§ TASK INSTRUCTIONS
Nothing but the lines from the one containing "this 1500×1687 image." through the end of the entries below should be set down, each exactly as written.
=-=-=
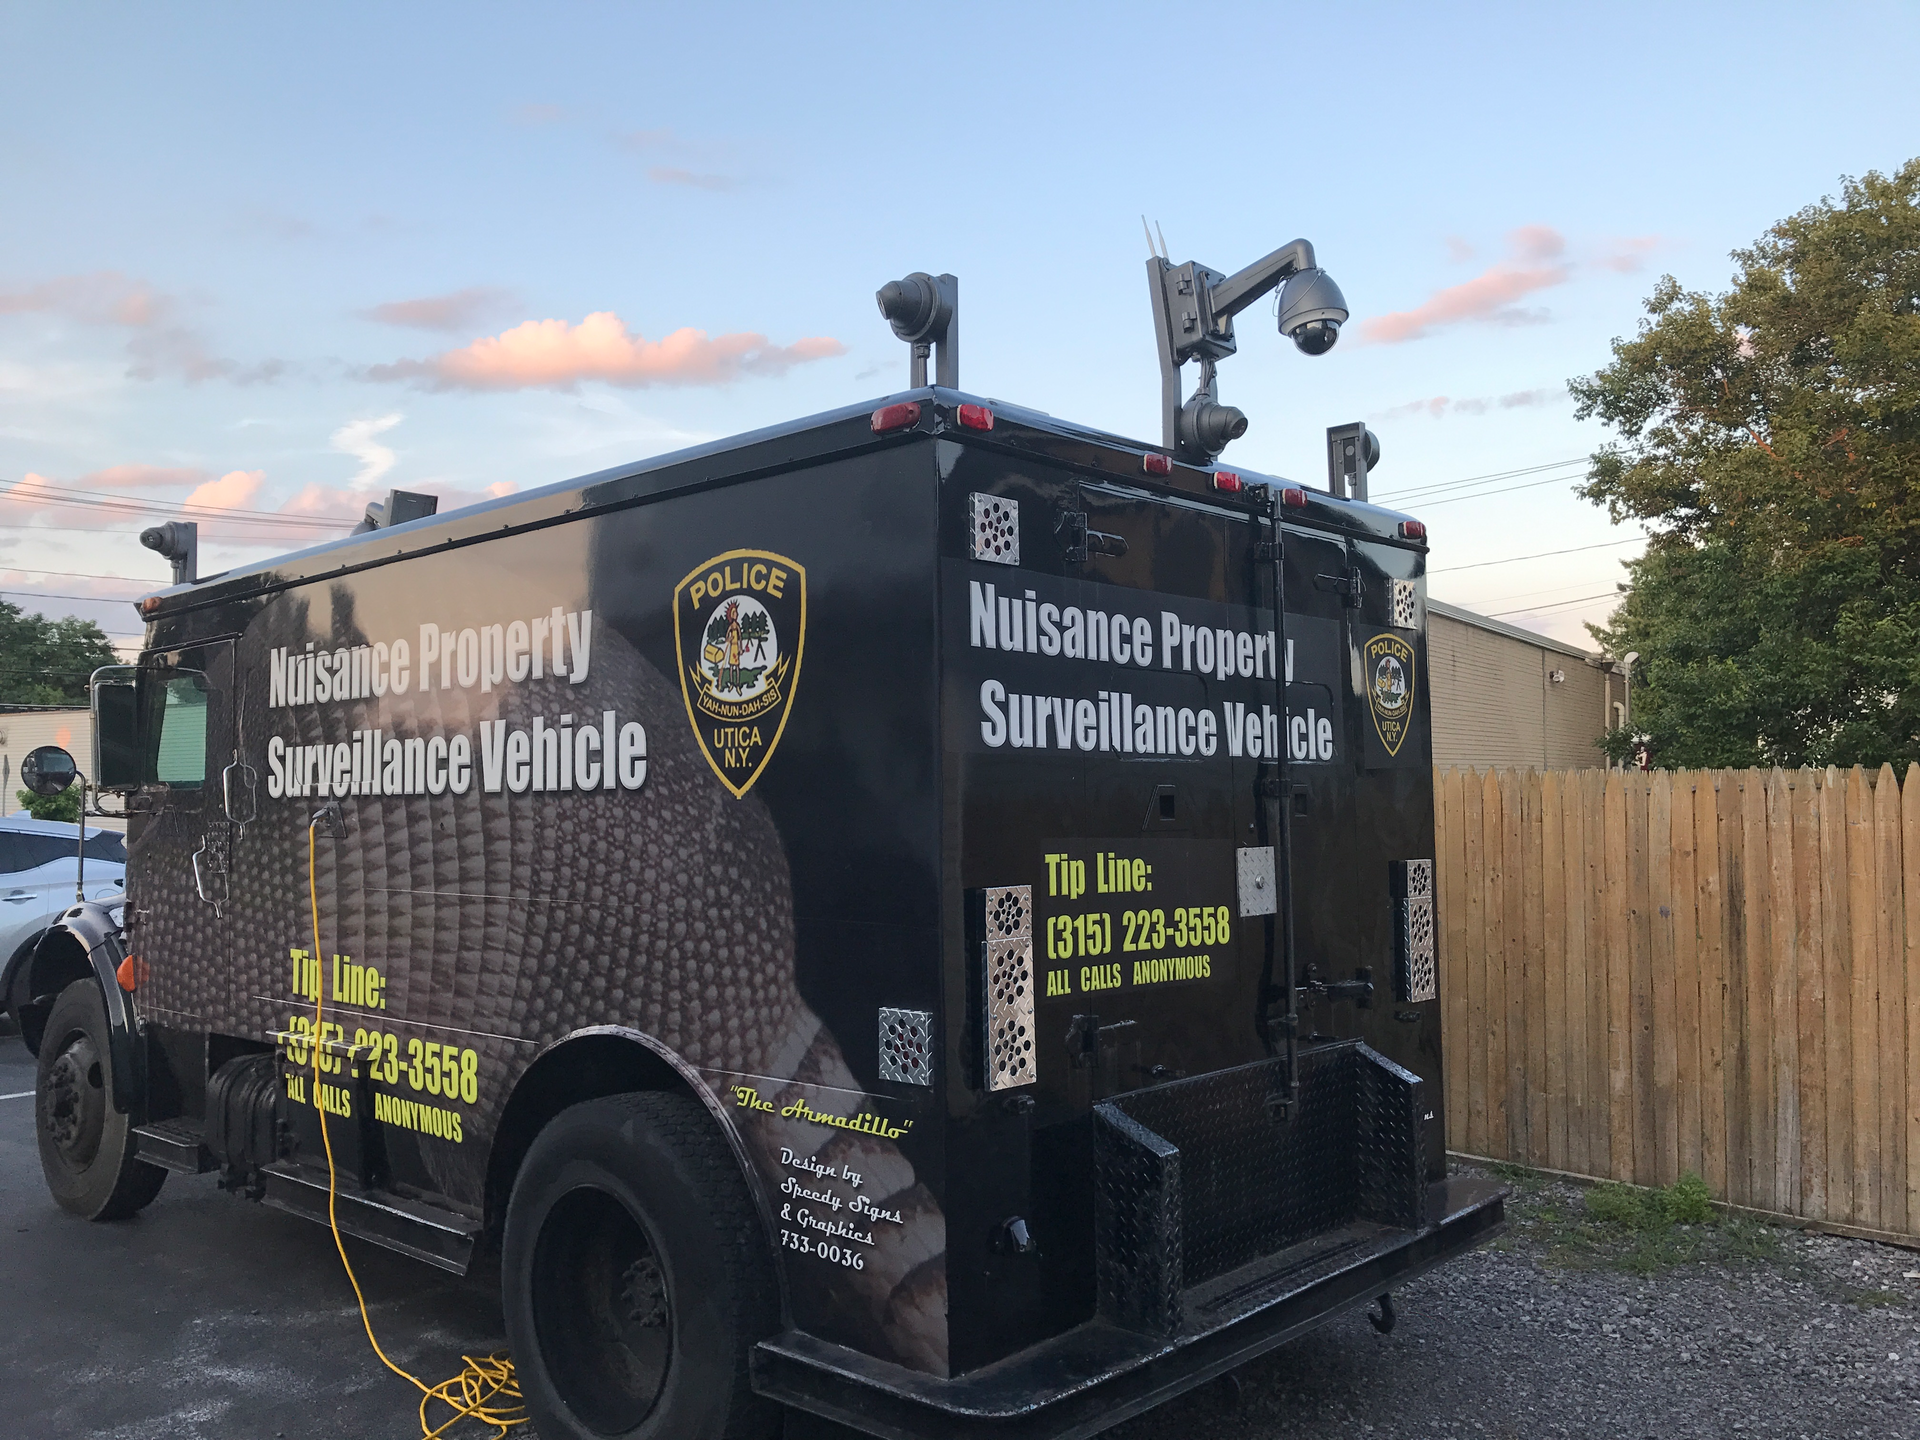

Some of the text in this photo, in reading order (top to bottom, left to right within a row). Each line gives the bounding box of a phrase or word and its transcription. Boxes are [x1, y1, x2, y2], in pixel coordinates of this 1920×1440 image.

[690, 563, 787, 610] POLICE
[269, 606, 593, 708] Nuisance Property
[969, 580, 1294, 687] Nuisance Property
[1370, 641, 1408, 663] POLICE
[702, 688, 777, 716] YAH-NUN-DAH-SIS
[979, 678, 1217, 757] Surveillance
[713, 726, 762, 748] UTICA
[1382, 721, 1401, 732] UTICA
[267, 710, 648, 798] Surveillance Vehicle
[724, 747, 752, 768] N.Y.
[1044, 852, 1152, 900] Tip Line:
[1046, 905, 1231, 960] (315) 223-3558
[290, 948, 386, 1010] Tip Line:
[1046, 954, 1211, 997] ALL CALLS ANONYMOUS
[285, 1073, 306, 1105] ALL
[374, 1092, 463, 1144] ANONYMOUS
[730, 1085, 913, 1139] "The Armadillo"
[780, 1147, 863, 1187] Design by
[780, 1177, 904, 1224] Speedy Signs
[780, 1203, 875, 1245] & Graphics
[780, 1229, 864, 1270] 733-0036
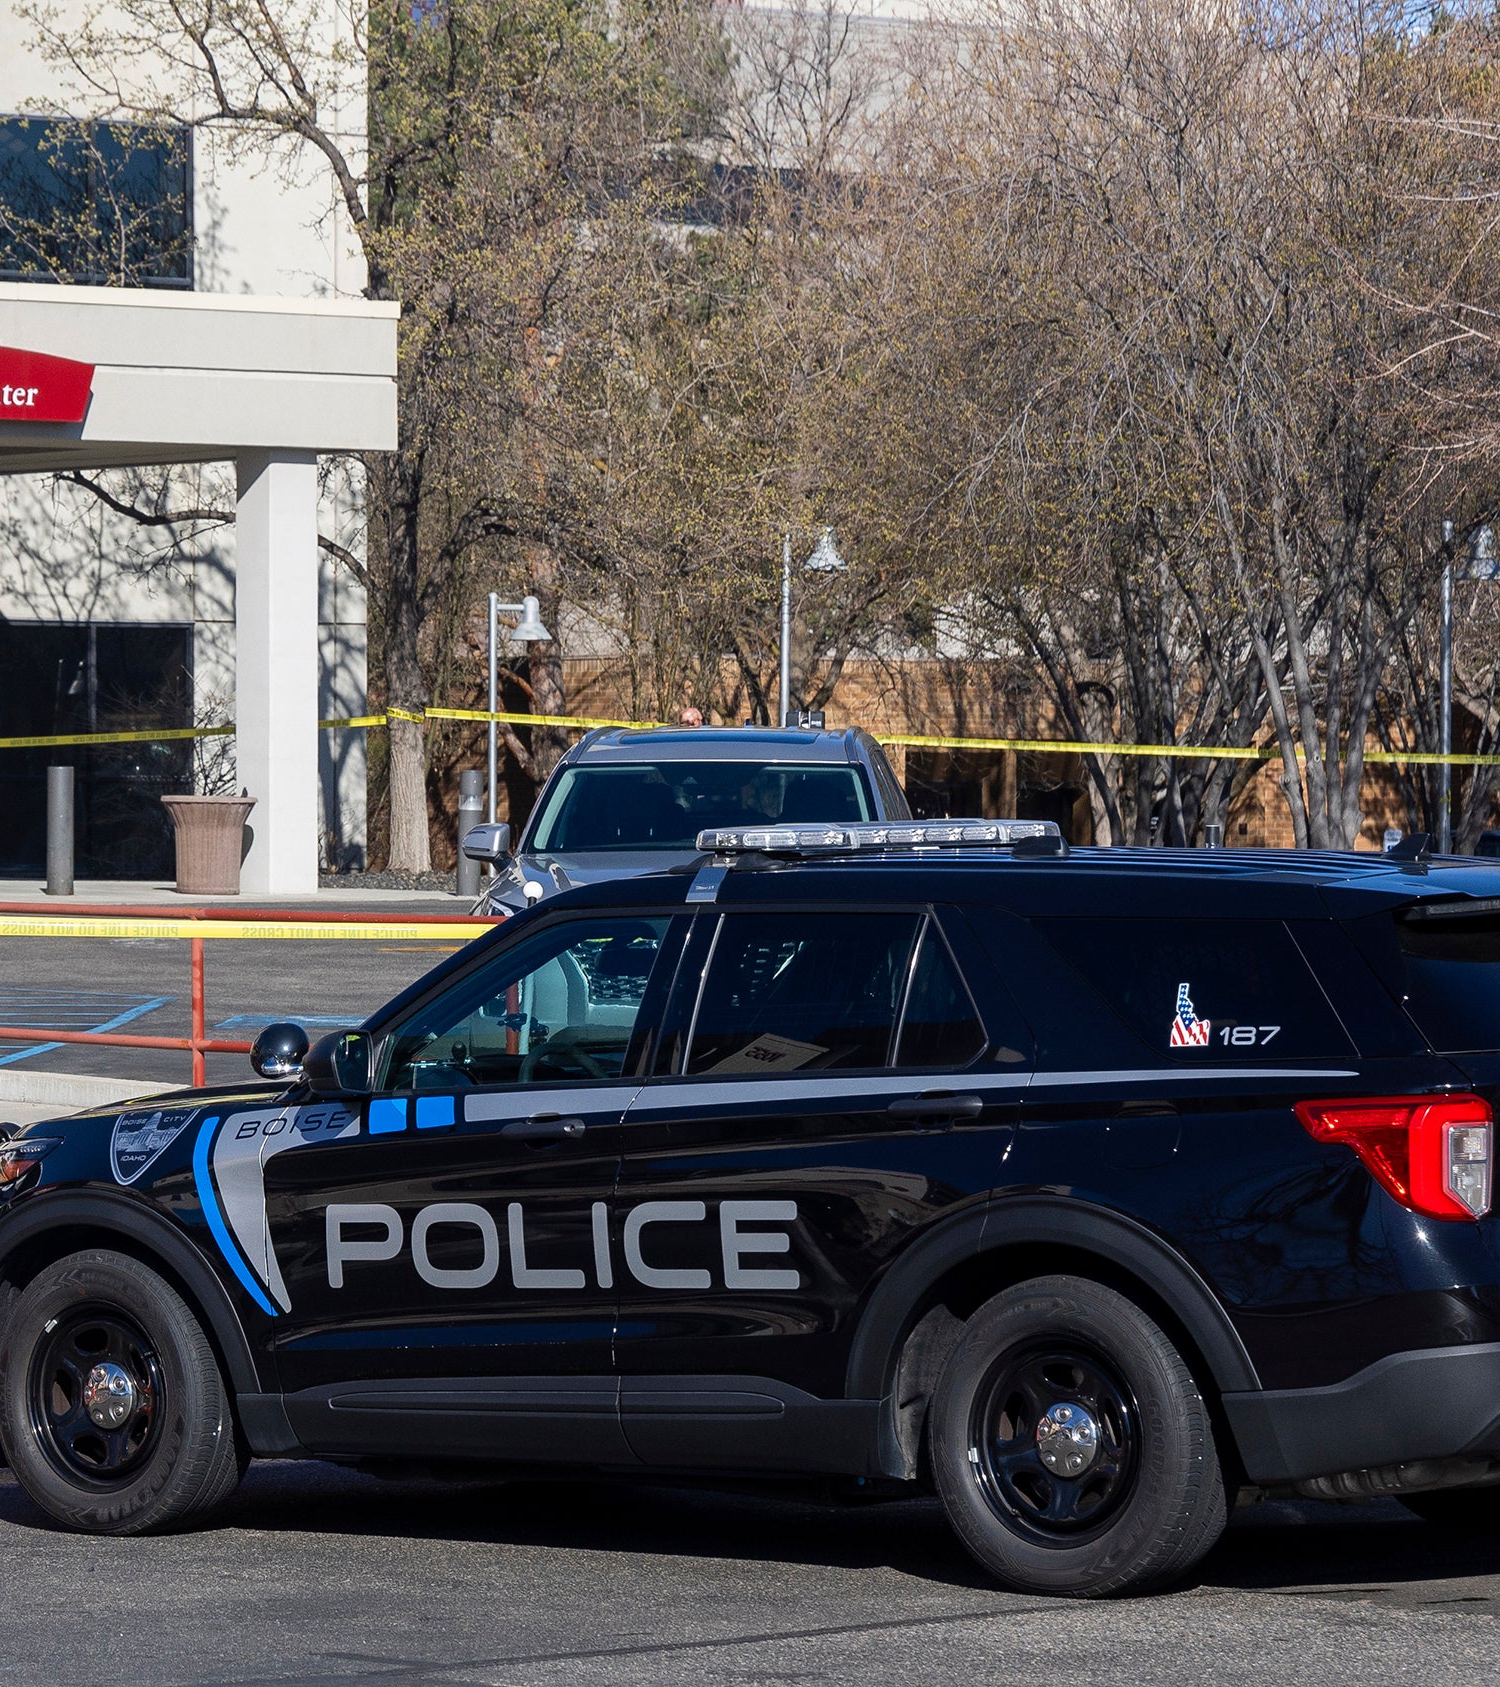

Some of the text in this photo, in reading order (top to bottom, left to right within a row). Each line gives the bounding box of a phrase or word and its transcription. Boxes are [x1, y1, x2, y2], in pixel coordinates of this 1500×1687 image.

[1220, 1026, 1281, 1046] 187
[235, 1110, 352, 1140] BOISE
[325, 1200, 800, 1290] POLICE
=-=-=
§ TASK RESPONSE
Some of the text in this photo, in reading order (top to bottom, left to right within a row). Each line gives the bounding box of a phrase or word and its transcription. Boxes are [x1, y1, x2, y2], in pixel coordinates of this 1500×1687 image.

[1220, 1026, 1281, 1046] 187
[235, 1110, 352, 1140] BOISE
[325, 1200, 800, 1290] POLICE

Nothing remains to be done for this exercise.